• **WHAT NEEDS TO BE DONE**: Set down the full data below exactly as given, please.

• **THE INPUT**:

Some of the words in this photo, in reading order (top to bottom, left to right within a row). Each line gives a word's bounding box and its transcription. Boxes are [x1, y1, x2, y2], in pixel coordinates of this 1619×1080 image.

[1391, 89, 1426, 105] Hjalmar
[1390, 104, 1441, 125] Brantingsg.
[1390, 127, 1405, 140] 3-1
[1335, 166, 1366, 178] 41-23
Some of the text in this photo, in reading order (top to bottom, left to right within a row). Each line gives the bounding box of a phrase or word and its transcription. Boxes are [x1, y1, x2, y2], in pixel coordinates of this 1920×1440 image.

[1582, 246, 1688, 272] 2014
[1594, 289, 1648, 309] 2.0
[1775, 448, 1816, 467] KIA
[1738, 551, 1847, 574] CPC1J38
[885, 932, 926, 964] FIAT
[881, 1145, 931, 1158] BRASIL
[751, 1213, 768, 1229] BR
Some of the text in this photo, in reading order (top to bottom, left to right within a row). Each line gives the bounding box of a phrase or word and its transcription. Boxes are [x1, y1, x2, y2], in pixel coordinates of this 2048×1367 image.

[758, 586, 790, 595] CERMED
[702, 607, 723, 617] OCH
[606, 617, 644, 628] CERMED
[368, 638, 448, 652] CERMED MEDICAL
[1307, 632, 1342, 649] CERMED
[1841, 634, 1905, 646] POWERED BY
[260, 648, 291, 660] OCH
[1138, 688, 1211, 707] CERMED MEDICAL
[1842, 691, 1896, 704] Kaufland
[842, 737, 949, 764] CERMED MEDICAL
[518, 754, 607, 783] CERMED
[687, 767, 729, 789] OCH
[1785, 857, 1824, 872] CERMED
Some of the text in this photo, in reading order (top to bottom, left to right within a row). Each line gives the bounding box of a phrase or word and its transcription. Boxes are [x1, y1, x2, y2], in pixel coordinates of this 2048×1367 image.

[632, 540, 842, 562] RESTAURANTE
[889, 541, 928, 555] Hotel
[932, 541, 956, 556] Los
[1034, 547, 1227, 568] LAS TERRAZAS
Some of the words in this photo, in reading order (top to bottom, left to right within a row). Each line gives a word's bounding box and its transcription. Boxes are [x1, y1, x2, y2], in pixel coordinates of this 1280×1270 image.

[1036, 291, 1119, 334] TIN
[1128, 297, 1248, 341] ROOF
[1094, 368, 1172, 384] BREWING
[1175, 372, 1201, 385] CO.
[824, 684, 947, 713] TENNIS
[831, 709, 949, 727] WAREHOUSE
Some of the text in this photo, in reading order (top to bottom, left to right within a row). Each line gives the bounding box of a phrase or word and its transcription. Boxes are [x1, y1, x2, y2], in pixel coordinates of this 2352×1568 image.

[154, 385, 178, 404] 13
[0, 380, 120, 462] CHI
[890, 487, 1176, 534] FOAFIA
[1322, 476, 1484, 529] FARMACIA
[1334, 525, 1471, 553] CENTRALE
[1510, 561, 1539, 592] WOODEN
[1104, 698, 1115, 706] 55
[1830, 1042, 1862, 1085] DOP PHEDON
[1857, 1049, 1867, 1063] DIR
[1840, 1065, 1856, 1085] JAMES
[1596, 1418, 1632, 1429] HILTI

• **EXERCISE SOLUTION**:
Some of the words in this photo, in reading order (top to bottom, left to right within a row). Each line gives a word's bounding box and its transcription. Boxes are [x1, y1, x2, y2], in pixel coordinates of this 1619×1080 image.

[1391, 89, 1426, 105] Hjalmar
[1390, 104, 1441, 125] Brantingsg.
[1390, 127, 1405, 140] 3-1
[1335, 166, 1366, 178] 41-23
Some of the text in this photo, in reading order (top to bottom, left to right within a row). Each line gives the bounding box of a phrase or word and its transcription. Boxes are [x1, y1, x2, y2], in pixel coordinates of this 1920×1440 image.

[1582, 246, 1688, 272] 2014
[1594, 289, 1648, 309] 2.0
[1775, 448, 1816, 467] KIA
[1738, 551, 1847, 574] CPC1J38
[885, 932, 926, 964] FIAT
[881, 1145, 931, 1158] BRASIL
[751, 1213, 768, 1229] BR
Some of the text in this photo, in reading order (top to bottom, left to right within a row). Each line gives the bounding box of a phrase or word and its transcription. Boxes are [x1, y1, x2, y2], in pixel coordinates of this 2048×1367 image.

[758, 586, 790, 595] CERMED
[702, 607, 723, 617] OCH
[606, 617, 644, 628] CERMED
[368, 638, 448, 652] CERMED MEDICAL
[1307, 632, 1342, 649] CERMED
[1841, 634, 1905, 646] POWERED BY
[260, 648, 291, 660] OCH
[1138, 688, 1211, 707] CERMED MEDICAL
[1842, 691, 1896, 704] Kaufland
[842, 737, 949, 764] CERMED MEDICAL
[518, 754, 607, 783] CERMED
[687, 767, 729, 789] OCH
[1785, 857, 1824, 872] CERMED
Some of the text in this photo, in reading order (top to bottom, left to right within a row). Each line gives the bounding box of a phrase or word and its transcription. Boxes are [x1, y1, x2, y2], in pixel coordinates of this 2048×1367 image.

[632, 540, 842, 562] RESTAURANTE
[889, 541, 928, 555] Hotel
[932, 541, 956, 556] Los
[1034, 547, 1227, 568] LAS TERRAZAS
Some of the words in this photo, in reading order (top to bottom, left to right within a row). Each line gives a word's bounding box and its transcription. Boxes are [x1, y1, x2, y2], in pixel coordinates of this 1280×1270 image.

[1036, 291, 1119, 334] TIN
[1128, 297, 1248, 341] ROOF
[1094, 368, 1172, 384] BREWING
[1175, 372, 1201, 385] CO.
[824, 684, 947, 713] TENNIS
[831, 709, 949, 727] WAREHOUSE
Some of the text in this photo, in reading order (top to bottom, left to right within a row). Each line gives the bounding box of a phrase or word and its transcription. Boxes are [x1, y1, x2, y2], in pixel coordinates of this 2352×1568 image.

[154, 385, 178, 404] 13
[0, 380, 120, 462] CHI
[890, 487, 1176, 534] FOAFIA
[1322, 476, 1484, 529] FARMACIA
[1334, 525, 1471, 553] CENTRALE
[1510, 561, 1539, 592] WOODEN
[1104, 698, 1115, 706] 55
[1830, 1042, 1862, 1085] DOP PHEDON
[1857, 1049, 1867, 1063] DIR
[1840, 1065, 1856, 1085] JAMES
[1596, 1418, 1632, 1429] HILTI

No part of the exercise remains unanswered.